▶ Task requirements
Give the records back in full, exactly as they read.

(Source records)
-----

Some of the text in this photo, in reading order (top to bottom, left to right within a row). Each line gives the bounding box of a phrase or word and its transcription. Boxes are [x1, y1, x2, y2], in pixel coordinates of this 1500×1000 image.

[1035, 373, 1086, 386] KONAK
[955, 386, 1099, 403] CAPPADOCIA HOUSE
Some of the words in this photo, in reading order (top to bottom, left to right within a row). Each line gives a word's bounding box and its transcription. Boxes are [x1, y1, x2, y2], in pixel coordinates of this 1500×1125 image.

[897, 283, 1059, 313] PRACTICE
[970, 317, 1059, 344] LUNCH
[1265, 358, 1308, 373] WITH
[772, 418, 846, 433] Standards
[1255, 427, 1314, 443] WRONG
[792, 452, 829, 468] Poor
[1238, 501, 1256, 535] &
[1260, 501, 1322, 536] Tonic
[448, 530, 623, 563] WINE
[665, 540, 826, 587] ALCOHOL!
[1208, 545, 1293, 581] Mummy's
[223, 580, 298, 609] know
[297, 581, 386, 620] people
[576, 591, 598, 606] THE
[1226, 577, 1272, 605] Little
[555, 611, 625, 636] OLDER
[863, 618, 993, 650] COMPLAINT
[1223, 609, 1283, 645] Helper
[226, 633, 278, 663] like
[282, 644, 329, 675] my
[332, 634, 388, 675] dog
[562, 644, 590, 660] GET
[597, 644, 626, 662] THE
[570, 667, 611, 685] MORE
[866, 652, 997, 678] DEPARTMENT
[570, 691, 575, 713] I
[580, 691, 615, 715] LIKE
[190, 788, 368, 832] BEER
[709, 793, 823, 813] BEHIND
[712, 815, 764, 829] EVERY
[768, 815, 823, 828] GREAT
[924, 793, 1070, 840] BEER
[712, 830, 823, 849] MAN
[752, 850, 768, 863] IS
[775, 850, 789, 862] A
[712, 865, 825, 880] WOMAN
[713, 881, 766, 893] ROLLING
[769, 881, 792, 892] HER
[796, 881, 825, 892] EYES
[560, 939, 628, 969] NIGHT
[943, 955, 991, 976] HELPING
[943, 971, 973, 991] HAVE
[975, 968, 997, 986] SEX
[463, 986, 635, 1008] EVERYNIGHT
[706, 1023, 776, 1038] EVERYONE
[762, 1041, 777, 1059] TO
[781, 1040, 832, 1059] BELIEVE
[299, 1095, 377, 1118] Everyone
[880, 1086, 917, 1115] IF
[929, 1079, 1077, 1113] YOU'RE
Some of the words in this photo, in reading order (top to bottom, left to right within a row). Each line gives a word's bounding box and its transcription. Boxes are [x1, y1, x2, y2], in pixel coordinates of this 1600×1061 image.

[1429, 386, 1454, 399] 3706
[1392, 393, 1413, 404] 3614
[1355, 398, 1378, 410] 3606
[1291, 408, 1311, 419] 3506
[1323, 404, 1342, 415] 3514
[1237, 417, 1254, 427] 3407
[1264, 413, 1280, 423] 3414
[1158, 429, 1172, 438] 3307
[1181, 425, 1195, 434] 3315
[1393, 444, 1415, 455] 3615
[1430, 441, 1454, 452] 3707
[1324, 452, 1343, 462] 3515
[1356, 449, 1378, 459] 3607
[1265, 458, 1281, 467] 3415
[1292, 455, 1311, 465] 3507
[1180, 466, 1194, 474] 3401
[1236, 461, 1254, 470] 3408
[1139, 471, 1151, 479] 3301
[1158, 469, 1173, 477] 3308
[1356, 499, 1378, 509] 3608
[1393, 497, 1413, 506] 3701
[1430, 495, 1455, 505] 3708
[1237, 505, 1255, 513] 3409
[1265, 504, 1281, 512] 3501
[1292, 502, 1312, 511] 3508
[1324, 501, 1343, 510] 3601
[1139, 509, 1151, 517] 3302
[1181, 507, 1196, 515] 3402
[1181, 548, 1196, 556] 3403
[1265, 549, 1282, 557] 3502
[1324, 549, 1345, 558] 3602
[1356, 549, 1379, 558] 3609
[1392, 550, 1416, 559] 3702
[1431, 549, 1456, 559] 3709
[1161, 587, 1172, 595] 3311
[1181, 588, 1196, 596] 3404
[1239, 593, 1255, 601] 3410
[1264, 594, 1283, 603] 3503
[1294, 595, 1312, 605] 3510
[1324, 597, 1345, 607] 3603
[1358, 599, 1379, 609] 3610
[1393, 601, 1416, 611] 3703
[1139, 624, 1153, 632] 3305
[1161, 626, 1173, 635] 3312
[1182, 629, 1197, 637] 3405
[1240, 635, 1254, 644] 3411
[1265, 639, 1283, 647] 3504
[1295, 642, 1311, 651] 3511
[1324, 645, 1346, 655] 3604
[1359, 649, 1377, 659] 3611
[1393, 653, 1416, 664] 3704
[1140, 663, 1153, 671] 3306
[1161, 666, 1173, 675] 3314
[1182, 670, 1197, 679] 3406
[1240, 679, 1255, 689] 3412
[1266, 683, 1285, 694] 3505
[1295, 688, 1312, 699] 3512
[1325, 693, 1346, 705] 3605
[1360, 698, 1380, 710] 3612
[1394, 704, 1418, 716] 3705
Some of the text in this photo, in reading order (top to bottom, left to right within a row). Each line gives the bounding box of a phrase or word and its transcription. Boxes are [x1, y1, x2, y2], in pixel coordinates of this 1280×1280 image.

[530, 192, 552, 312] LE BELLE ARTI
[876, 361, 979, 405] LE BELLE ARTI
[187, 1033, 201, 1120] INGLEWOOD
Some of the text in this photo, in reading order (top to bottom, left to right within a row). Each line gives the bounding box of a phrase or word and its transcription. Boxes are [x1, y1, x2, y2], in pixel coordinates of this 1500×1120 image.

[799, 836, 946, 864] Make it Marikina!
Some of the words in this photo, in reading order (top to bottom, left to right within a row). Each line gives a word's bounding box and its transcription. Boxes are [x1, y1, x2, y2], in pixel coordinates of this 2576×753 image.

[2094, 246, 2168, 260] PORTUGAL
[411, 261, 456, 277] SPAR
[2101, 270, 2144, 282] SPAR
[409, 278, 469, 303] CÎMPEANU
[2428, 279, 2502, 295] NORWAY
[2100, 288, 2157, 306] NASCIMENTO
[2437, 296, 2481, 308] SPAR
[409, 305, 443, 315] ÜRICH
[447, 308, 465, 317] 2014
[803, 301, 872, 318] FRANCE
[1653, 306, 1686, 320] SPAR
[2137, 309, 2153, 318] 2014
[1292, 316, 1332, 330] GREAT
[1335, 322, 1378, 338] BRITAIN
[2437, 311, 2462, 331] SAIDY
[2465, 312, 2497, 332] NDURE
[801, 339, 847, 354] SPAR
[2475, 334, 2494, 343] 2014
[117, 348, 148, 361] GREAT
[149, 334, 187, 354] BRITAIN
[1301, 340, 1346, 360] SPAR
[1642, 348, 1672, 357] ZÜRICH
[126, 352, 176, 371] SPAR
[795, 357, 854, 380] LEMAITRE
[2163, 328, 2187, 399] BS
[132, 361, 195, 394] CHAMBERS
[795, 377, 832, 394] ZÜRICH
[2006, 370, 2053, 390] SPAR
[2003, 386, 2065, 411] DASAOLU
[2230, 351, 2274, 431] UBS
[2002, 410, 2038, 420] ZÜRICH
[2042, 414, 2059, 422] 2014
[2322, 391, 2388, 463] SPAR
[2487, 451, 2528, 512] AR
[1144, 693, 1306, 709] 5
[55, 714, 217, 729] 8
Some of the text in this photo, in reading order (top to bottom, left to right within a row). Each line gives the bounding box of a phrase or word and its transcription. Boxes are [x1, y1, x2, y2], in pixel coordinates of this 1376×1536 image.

-----

▶ Response to the task
Some of the text in this photo, in reading order (top to bottom, left to right within a row). Each line gives the bounding box of a phrase or word and its transcription. Boxes are [x1, y1, x2, y2], in pixel coordinates of this 1500×1000 image.

[1035, 373, 1086, 386] KONAK
[955, 386, 1099, 403] CAPPADOCIA HOUSE
Some of the words in this photo, in reading order (top to bottom, left to right within a row). Each line gives a word's bounding box and its transcription. Boxes are [x1, y1, x2, y2], in pixel coordinates of this 1500×1125 image.

[897, 283, 1059, 313] PRACTICE
[970, 317, 1059, 344] LUNCH
[1265, 358, 1308, 373] WITH
[772, 418, 846, 433] Standards
[1255, 427, 1314, 443] WRONG
[792, 452, 829, 468] Poor
[1238, 501, 1256, 535] &
[1260, 501, 1322, 536] Tonic
[448, 530, 623, 563] WINE
[665, 540, 826, 587] ALCOHOL!
[1208, 545, 1293, 581] Mummy's
[223, 580, 298, 609] know
[297, 581, 386, 620] people
[576, 591, 598, 606] THE
[1226, 577, 1272, 605] Little
[555, 611, 625, 636] OLDER
[863, 618, 993, 650] COMPLAINT
[1223, 609, 1283, 645] Helper
[226, 633, 278, 663] like
[282, 644, 329, 675] my
[332, 634, 388, 675] dog
[562, 644, 590, 660] GET
[597, 644, 626, 662] THE
[570, 667, 611, 685] MORE
[866, 652, 997, 678] DEPARTMENT
[570, 691, 575, 713] I
[580, 691, 615, 715] LIKE
[190, 788, 368, 832] BEER
[709, 793, 823, 813] BEHIND
[712, 815, 764, 829] EVERY
[768, 815, 823, 828] GREAT
[924, 793, 1070, 840] BEER
[712, 830, 823, 849] MAN
[752, 850, 768, 863] IS
[775, 850, 789, 862] A
[712, 865, 825, 880] WOMAN
[713, 881, 766, 893] ROLLING
[769, 881, 792, 892] HER
[796, 881, 825, 892] EYES
[560, 939, 628, 969] NIGHT
[943, 955, 991, 976] HELPING
[943, 971, 973, 991] HAVE
[975, 968, 997, 986] SEX
[463, 986, 635, 1008] EVERYNIGHT
[706, 1023, 776, 1038] EVERYONE
[762, 1041, 777, 1059] TO
[781, 1040, 832, 1059] BELIEVE
[299, 1095, 377, 1118] Everyone
[880, 1086, 917, 1115] IF
[929, 1079, 1077, 1113] YOU'RE
Some of the words in this photo, in reading order (top to bottom, left to right within a row). Each line gives a word's bounding box and its transcription. Boxes are [x1, y1, x2, y2], in pixel coordinates of this 1600×1061 image.

[1429, 386, 1454, 399] 3706
[1392, 393, 1413, 404] 3614
[1355, 398, 1378, 410] 3606
[1291, 408, 1311, 419] 3506
[1323, 404, 1342, 415] 3514
[1237, 417, 1254, 427] 3407
[1264, 413, 1280, 423] 3414
[1158, 429, 1172, 438] 3307
[1181, 425, 1195, 434] 3315
[1393, 444, 1415, 455] 3615
[1430, 441, 1454, 452] 3707
[1324, 452, 1343, 462] 3515
[1356, 449, 1378, 459] 3607
[1265, 458, 1281, 467] 3415
[1292, 455, 1311, 465] 3507
[1180, 466, 1194, 474] 3401
[1236, 461, 1254, 470] 3408
[1139, 471, 1151, 479] 3301
[1158, 469, 1173, 477] 3308
[1356, 499, 1378, 509] 3608
[1393, 497, 1413, 506] 3701
[1430, 495, 1455, 505] 3708
[1237, 505, 1255, 513] 3409
[1265, 504, 1281, 512] 3501
[1292, 502, 1312, 511] 3508
[1324, 501, 1343, 510] 3601
[1139, 509, 1151, 517] 3302
[1181, 507, 1196, 515] 3402
[1181, 548, 1196, 556] 3403
[1265, 549, 1282, 557] 3502
[1324, 549, 1345, 558] 3602
[1356, 549, 1379, 558] 3609
[1392, 550, 1416, 559] 3702
[1431, 549, 1456, 559] 3709
[1161, 587, 1172, 595] 3311
[1181, 588, 1196, 596] 3404
[1239, 593, 1255, 601] 3410
[1264, 594, 1283, 603] 3503
[1294, 595, 1312, 605] 3510
[1324, 597, 1345, 607] 3603
[1358, 599, 1379, 609] 3610
[1393, 601, 1416, 611] 3703
[1139, 624, 1153, 632] 3305
[1161, 626, 1173, 635] 3312
[1182, 629, 1197, 637] 3405
[1240, 635, 1254, 644] 3411
[1265, 639, 1283, 647] 3504
[1295, 642, 1311, 651] 3511
[1324, 645, 1346, 655] 3604
[1359, 649, 1377, 659] 3611
[1393, 653, 1416, 664] 3704
[1140, 663, 1153, 671] 3306
[1161, 666, 1173, 675] 3314
[1182, 670, 1197, 679] 3406
[1240, 679, 1255, 689] 3412
[1266, 683, 1285, 694] 3505
[1295, 688, 1312, 699] 3512
[1325, 693, 1346, 705] 3605
[1360, 698, 1380, 710] 3612
[1394, 704, 1418, 716] 3705
Some of the text in this photo, in reading order (top to bottom, left to right within a row). Each line gives the bounding box of a phrase or word and its transcription. Boxes are [x1, y1, x2, y2], in pixel coordinates of this 1280×1280 image.

[530, 192, 552, 312] LE BELLE ARTI
[876, 361, 979, 405] LE BELLE ARTI
[187, 1033, 201, 1120] INGLEWOOD
Some of the text in this photo, in reading order (top to bottom, left to right within a row). Each line gives the bounding box of a phrase or word and its transcription. Boxes are [x1, y1, x2, y2], in pixel coordinates of this 1500×1120 image.

[799, 836, 946, 864] Make it Marikina!
Some of the words in this photo, in reading order (top to bottom, left to right within a row). Each line gives a word's bounding box and its transcription. Boxes are [x1, y1, x2, y2], in pixel coordinates of this 2576×753 image.

[2094, 246, 2168, 260] PORTUGAL
[411, 261, 456, 277] SPAR
[2101, 270, 2144, 282] SPAR
[409, 278, 469, 303] CÎMPEANU
[2428, 279, 2502, 295] NORWAY
[2100, 288, 2157, 306] NASCIMENTO
[2437, 296, 2481, 308] SPAR
[409, 305, 443, 315] ÜRICH
[447, 308, 465, 317] 2014
[803, 301, 872, 318] FRANCE
[1653, 306, 1686, 320] SPAR
[2137, 309, 2153, 318] 2014
[1292, 316, 1332, 330] GREAT
[1335, 322, 1378, 338] BRITAIN
[2437, 311, 2462, 331] SAIDY
[2465, 312, 2497, 332] NDURE
[801, 339, 847, 354] SPAR
[2475, 334, 2494, 343] 2014
[117, 348, 148, 361] GREAT
[149, 334, 187, 354] BRITAIN
[1301, 340, 1346, 360] SPAR
[1642, 348, 1672, 357] ZÜRICH
[126, 352, 176, 371] SPAR
[795, 357, 854, 380] LEMAITRE
[2163, 328, 2187, 399] BS
[132, 361, 195, 394] CHAMBERS
[795, 377, 832, 394] ZÜRICH
[2006, 370, 2053, 390] SPAR
[2003, 386, 2065, 411] DASAOLU
[2230, 351, 2274, 431] UBS
[2002, 410, 2038, 420] ZÜRICH
[2042, 414, 2059, 422] 2014
[2322, 391, 2388, 463] SPAR
[2487, 451, 2528, 512] AR
[1144, 693, 1306, 709] 5
[55, 714, 217, 729] 8
Some of the text in this photo, in reading order (top to bottom, left to right within a row). Each line gives the bounding box of a phrase or word and its transcription. Boxes are [x1, y1, x2, y2], in pixel coordinates of this 1376×1536 image.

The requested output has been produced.